─── PROVIDED ENTRIES

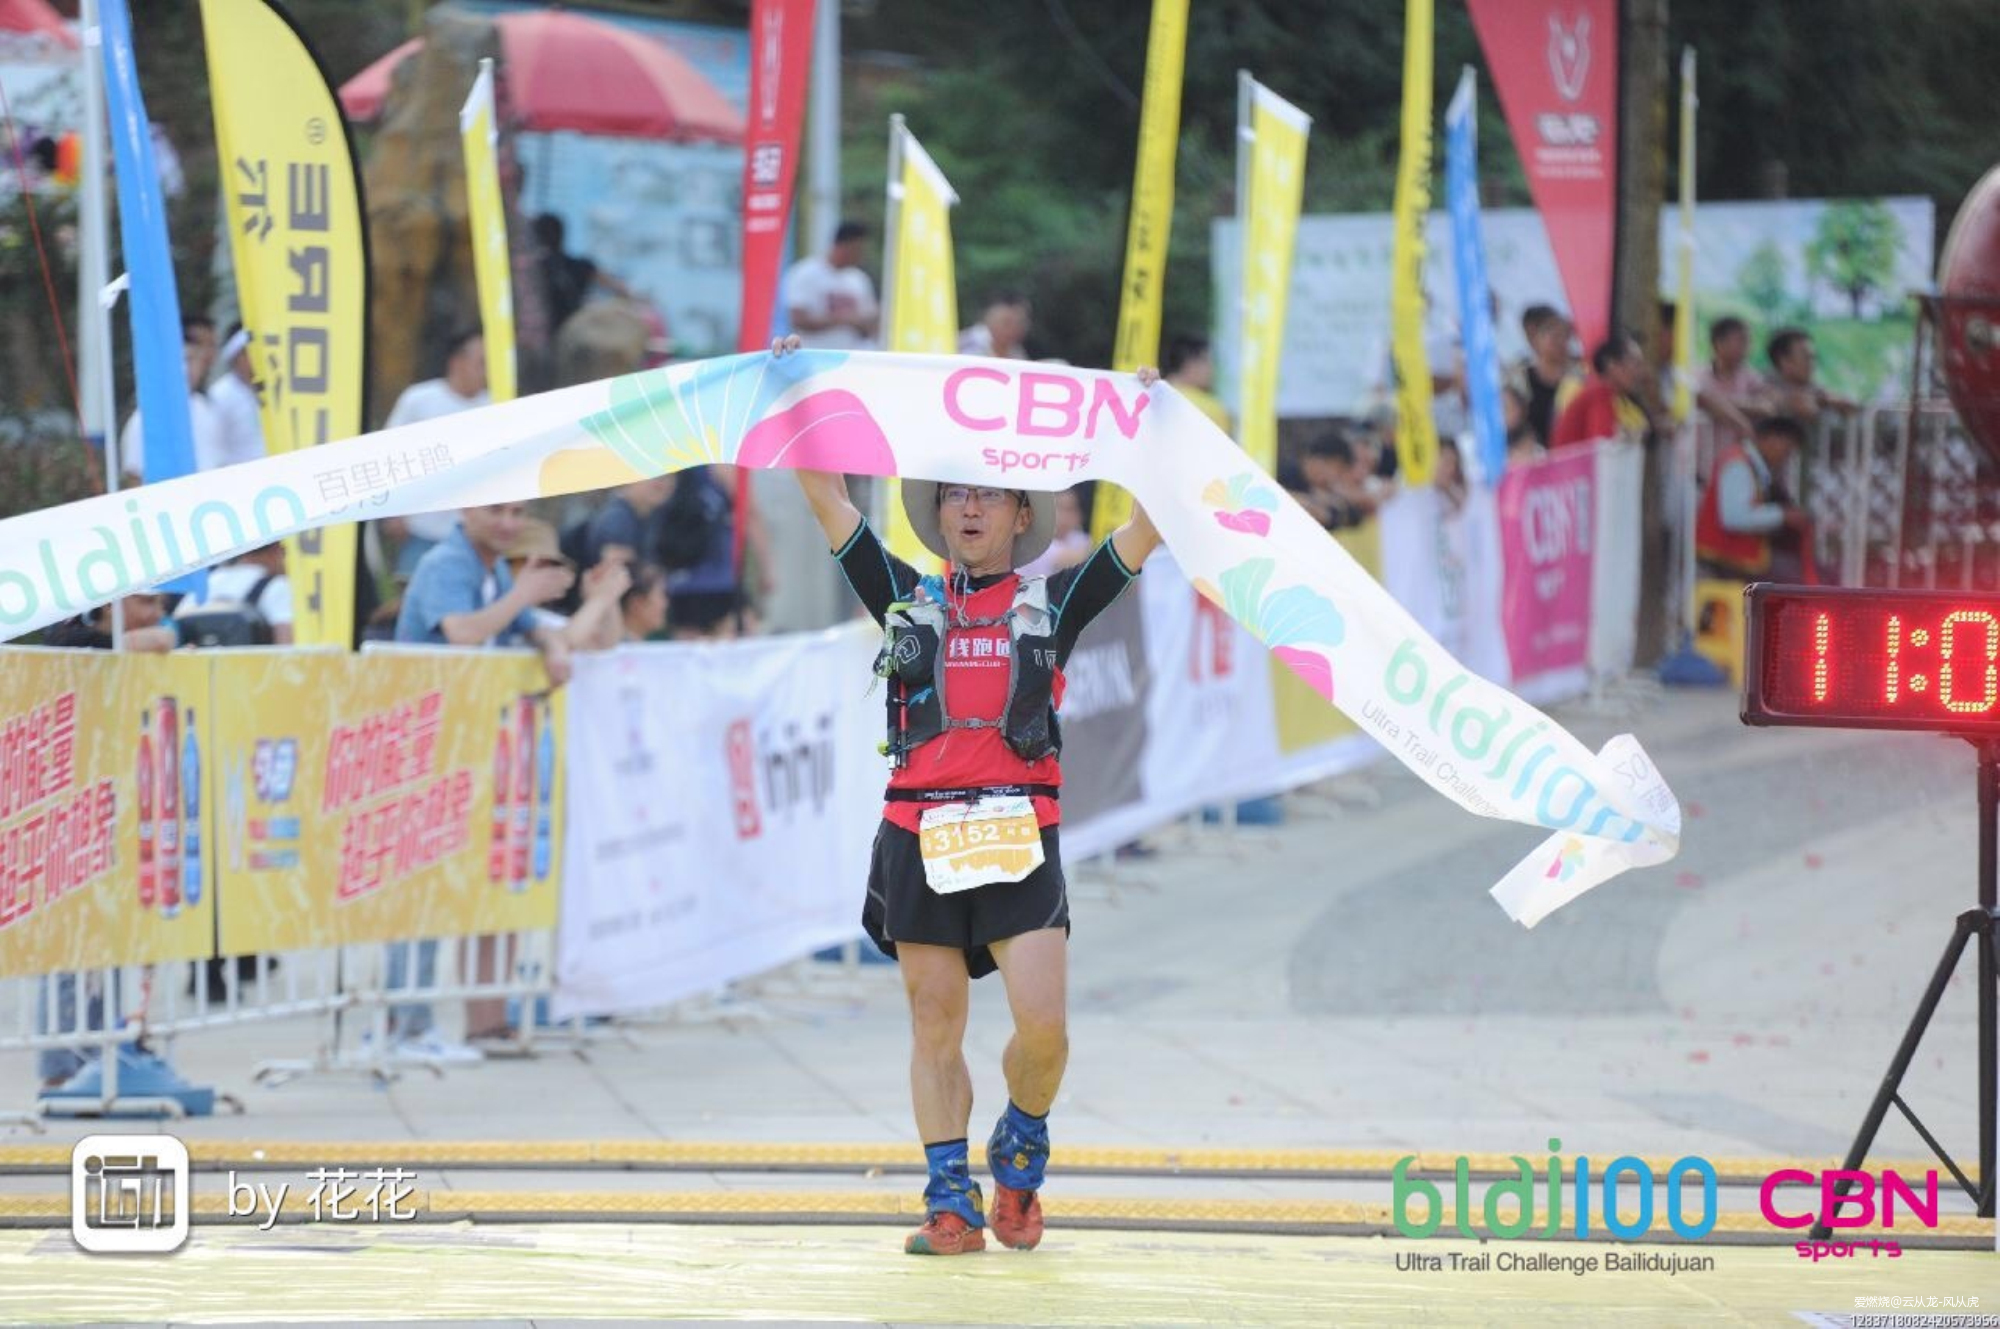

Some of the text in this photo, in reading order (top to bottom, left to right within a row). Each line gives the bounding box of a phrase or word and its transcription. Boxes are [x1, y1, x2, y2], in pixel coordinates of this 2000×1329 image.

[943, 367, 1150, 440] CBN
[313, 443, 456, 502] 百里杜鹃
[982, 447, 1090, 473] sports
[1814, 611, 1999, 712] 11:0
[1362, 699, 1400, 738] Ultra
[1404, 729, 1438, 768] Trail
[933, 823, 1001, 853] 3152
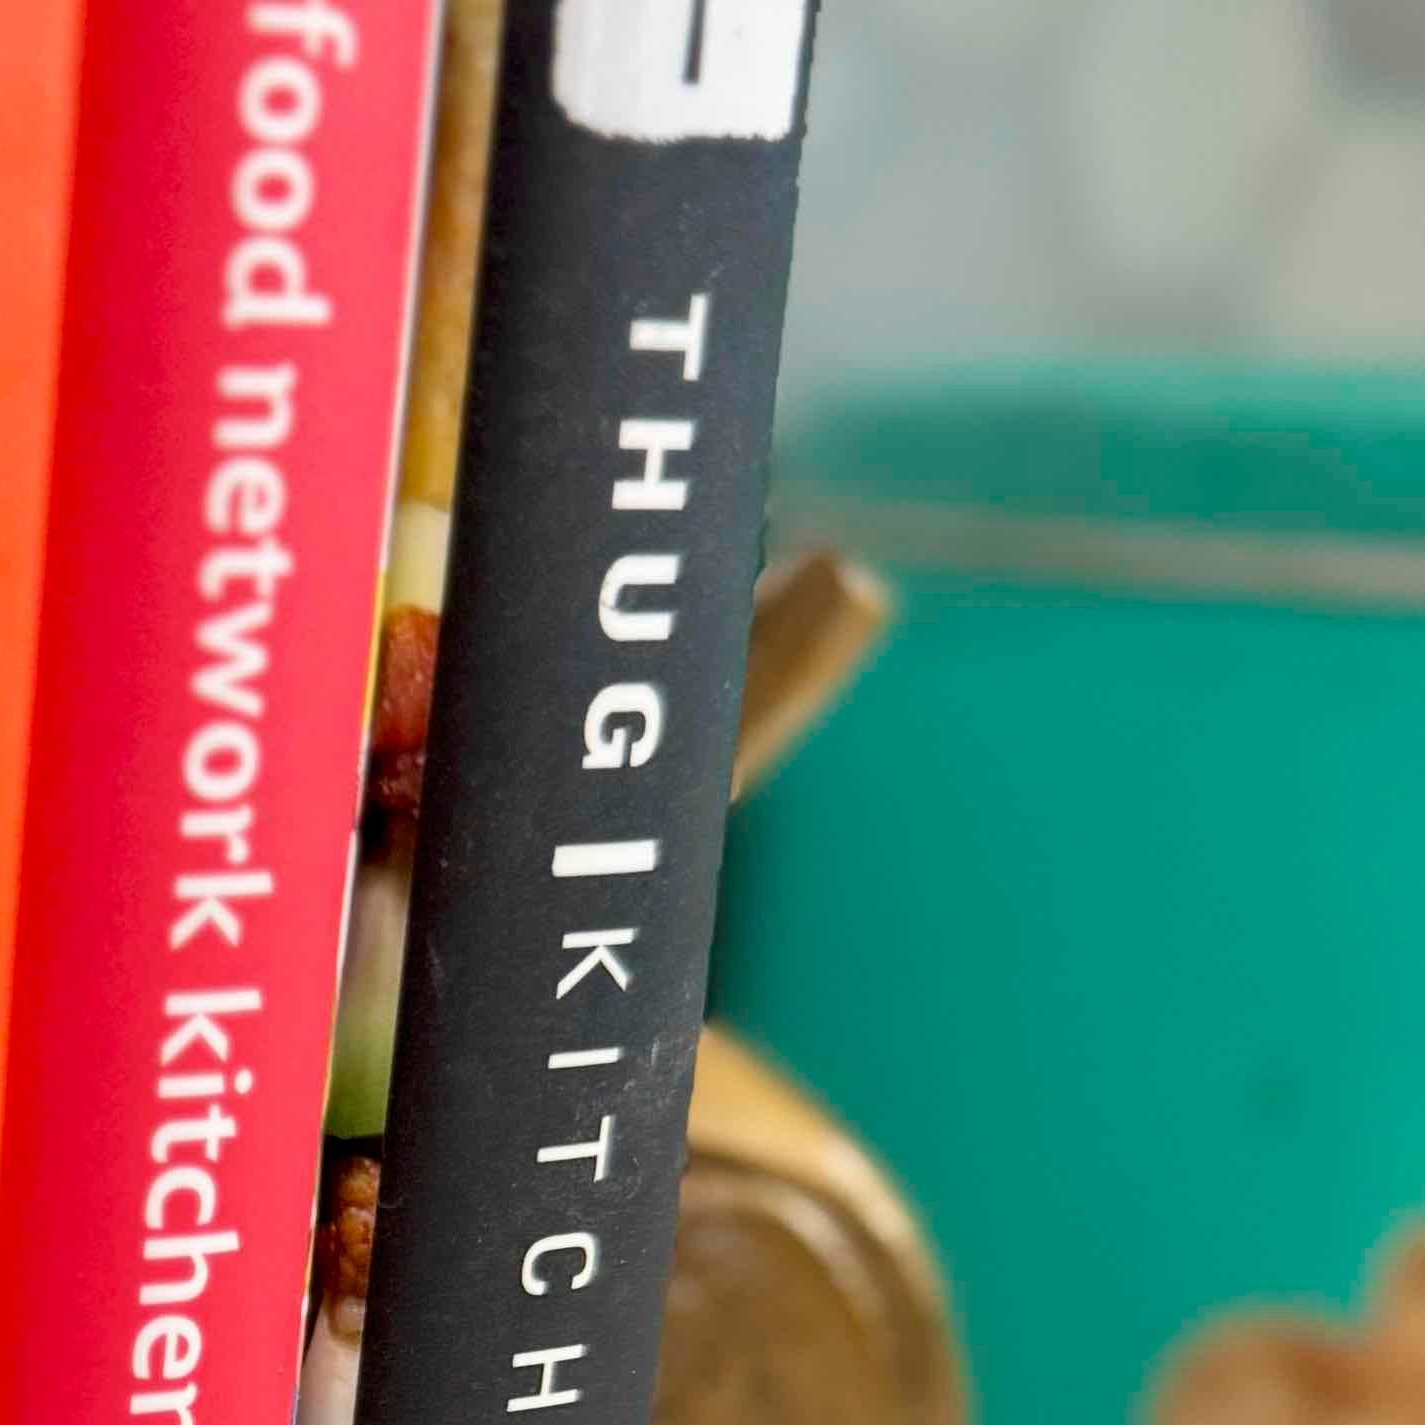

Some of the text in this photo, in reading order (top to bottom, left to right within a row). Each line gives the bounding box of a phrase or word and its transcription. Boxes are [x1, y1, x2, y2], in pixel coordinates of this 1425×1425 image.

[222, 0, 361, 328] food
[168, 362, 299, 950] network
[579, 290, 711, 772] THUG

──────

▶ WHAT YOU NEED TO DO:
From the first record to the last, print everything again exactly, without pictures.

▶ ANSWER BOX:
Some of the text in this photo, in reading order (top to bottom, left to right within a row). Each line gives the bounding box of a phrase or word and its transcription. Boxes are [x1, y1, x2, y2], in pixel coordinates of this 2000×1329 image.

[943, 367, 1150, 440] CBN
[313, 443, 456, 502] 百里杜鹃
[982, 447, 1090, 473] sports
[1814, 611, 1999, 712] 11:0
[1362, 699, 1400, 738] Ultra
[1404, 729, 1438, 768] Trail
[933, 823, 1001, 853] 3152

Some of the text in this photo, in reading order (top to bottom, left to right within a row). Each line gives the bounding box of a phrase or word and its transcription. Boxes are [x1, y1, x2, y2], in pixel coordinates of this 1425×1425 image.

[222, 0, 361, 328] food
[168, 362, 299, 950] network
[579, 290, 711, 772] THUG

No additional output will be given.